*TASK:* Every entry needs to be written out again exactly.

*RECORDED DATA:*
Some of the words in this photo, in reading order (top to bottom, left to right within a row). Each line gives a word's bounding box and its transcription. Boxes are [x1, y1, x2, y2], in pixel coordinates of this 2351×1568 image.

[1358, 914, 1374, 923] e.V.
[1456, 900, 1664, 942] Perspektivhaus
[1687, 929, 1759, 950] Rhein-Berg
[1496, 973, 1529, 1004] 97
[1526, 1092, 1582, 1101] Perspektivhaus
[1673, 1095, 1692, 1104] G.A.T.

*FINAL ANSWER:*
Some of the words in this photo, in reading order (top to bottom, left to right within a row). Each line gives a word's bounding box and its transcription. Boxes are [x1, y1, x2, y2], in pixel coordinates of this 2351×1568 image.

[1358, 914, 1374, 923] e.V.
[1456, 900, 1664, 942] Perspektivhaus
[1687, 929, 1759, 950] Rhein-Berg
[1496, 973, 1529, 1004] 97
[1526, 1092, 1582, 1101] Perspektivhaus
[1673, 1095, 1692, 1104] G.A.T.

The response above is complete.